Pass the result straight into the visualizer:

viz.log_frame(frame, hands=hands, skeleton=skeleton)

Joint layout

Index	Name	Source
0	`head`	derived from `mount_cam` + `neck_to_head_up`
1	`neck`	derived from `mount_cam` + `neck_back` / `neck_drop`
2	`spine`	derived from `neck` + `torso_drop`
3	`l_shoulder`	derived from `neck` − `neck_to_shoulder`
4	`l_elbow`	IK-solved from shoulder + `l_wrist` target
5	`l_wrist`	left-hand wrist (or NaN if not detected)
6	`r_shoulder`	derived from `neck` + `neck_to_shoulder`
7	`r_elbow`	IK-solved from shoulder + `r_wrist` target
8	`r_wrist`	right-hand wrist (or NaN if not detected)
9	`mount_cam`	the rig's `camera_pose.translation`

Default edges: shoulders → elbows → wrists, neck → both shoulders, spine connects shoulders, mount-cam connects to neck.

Tuning the body proportions

SkeletonConfig exposes the knobs as metric distances. All lengths in metres.

from stera.models.skeleton import SkeletonConfig
from stera.models import UpperBodyEstimator

config = SkeletonConfig(
    neck_back=0.10,       # how far behind camera the neck sits (m)
    neck_drop=0.20,       # how far below camera (m)
    shoulder_drop=0.12,
    neck_to_shoulder=0.18,
    torso_drop=0.45,
    arm_length=0.60,      # total shoulder→wrist
    upper_arm_ratio=0.55, # upper-arm fraction; forearm = 1 - this
)

estimator = UpperBodyEstimator(session=session, config=config)

Field	Default	What it controls
`neck_back`	`0.10`	Horizontal offset of neck behind the camera.
`neck_drop`	`0.20`	Vertical drop of neck below the camera.
`shoulder_drop`	`0.12`	Vertical drop of shoulders below neck.
`neck_to_head_up`	`0.10`	Distance from neck up to head.
`neck_to_shoulder`	`0.18`	Lateral offset of each shoulder from neck.
`torso_drop`	`0.45`	Drop from neck to spine.
`arm_length`	`0.60`	Total arm length (shoulder to wrist).
`upper_arm_ratio`	`0.55`	Upper-arm fraction of `arm_length`. Forearm = `1 - ratio`.
`up_axis`	`-1`	World up axis: `-1` = auto-detect, `0/1/2` = X/Y/Z.

The defaults were tuned on adult-height egocentric recordings; bump everything down ~15% for a smaller user.

Auto-detected up axis

By default the estimator auto-detects the world up axis by averaging the camera's local "up" vector across the first 10 frames and choosing the axis with the largest mean component.
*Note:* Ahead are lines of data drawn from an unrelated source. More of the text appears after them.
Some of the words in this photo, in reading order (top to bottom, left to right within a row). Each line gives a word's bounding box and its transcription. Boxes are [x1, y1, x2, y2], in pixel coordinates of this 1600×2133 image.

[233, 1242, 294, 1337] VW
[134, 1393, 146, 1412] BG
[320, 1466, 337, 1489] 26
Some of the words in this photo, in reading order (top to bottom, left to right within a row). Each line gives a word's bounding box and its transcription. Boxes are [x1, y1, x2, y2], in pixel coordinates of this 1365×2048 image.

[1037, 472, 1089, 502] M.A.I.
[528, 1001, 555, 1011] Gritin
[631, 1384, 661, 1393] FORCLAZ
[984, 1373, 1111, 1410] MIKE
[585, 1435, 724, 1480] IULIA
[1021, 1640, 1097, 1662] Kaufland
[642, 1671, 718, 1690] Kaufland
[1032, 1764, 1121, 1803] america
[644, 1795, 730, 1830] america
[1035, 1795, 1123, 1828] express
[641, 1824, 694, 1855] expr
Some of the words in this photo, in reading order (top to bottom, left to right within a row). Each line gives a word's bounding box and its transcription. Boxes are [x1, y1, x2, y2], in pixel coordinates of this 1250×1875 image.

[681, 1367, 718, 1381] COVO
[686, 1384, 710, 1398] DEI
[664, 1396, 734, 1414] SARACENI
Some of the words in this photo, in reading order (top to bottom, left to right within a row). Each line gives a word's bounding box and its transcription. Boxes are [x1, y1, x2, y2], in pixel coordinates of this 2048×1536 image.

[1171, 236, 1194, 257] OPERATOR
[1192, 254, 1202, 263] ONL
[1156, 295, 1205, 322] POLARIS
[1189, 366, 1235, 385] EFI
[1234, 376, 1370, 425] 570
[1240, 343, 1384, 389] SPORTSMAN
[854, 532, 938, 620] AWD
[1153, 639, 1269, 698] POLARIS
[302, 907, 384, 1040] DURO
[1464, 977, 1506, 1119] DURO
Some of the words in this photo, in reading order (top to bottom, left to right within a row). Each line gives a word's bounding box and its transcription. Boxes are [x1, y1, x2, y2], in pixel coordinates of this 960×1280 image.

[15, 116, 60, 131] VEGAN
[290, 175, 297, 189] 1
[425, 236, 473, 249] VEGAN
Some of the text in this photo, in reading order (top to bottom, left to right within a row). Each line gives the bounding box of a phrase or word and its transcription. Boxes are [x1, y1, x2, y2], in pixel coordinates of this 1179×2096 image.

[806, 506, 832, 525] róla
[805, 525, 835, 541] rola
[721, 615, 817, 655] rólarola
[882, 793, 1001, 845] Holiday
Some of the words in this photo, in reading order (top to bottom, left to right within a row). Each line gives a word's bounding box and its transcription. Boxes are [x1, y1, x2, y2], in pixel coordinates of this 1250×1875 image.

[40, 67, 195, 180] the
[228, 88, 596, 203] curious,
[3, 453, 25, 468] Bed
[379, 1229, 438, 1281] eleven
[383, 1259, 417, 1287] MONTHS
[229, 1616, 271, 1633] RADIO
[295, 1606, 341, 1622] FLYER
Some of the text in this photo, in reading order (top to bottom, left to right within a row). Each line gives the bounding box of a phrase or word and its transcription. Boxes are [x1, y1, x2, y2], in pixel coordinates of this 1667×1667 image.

Force a specific axis if you know your SLAM convention:

SkeletonConfig(up_axis=1)   # Y-up (visual-inertial SLAM convention)
SkeletonConfig(up_axis=2)   # Z-up

Patterns

Visualise alongside hands

for frame in session.frames():
    hands    = tracker.detect_hands(frame)
    skeleton = estimator.estimate(frame, hands=hands)
    viz.log_frame(frame, hands=hands, skeleton=skeleton)

The visualizer renders the skeleton as LineStrips3D in the world scene with bone connectivity from skeleton.edges.

Get just the bones for custom rendering

if skeleton is not None:
    for p1, p2 in skeleton.bone_lines():
        # p1, p2 are [x, y, z] world-frame metres
        draw_line(p1, p2)

Reset between sequences

estimator.reset()

Currently a no-op (the estimator is mostly stateless), but reserved so future temporal smoothing changes won't break callers.

The skeleton is not written to annotation.hdf5 automatically. Stash skeleton.joints per-frame yourself if you want to persist it; it's cheap (10×3 floats).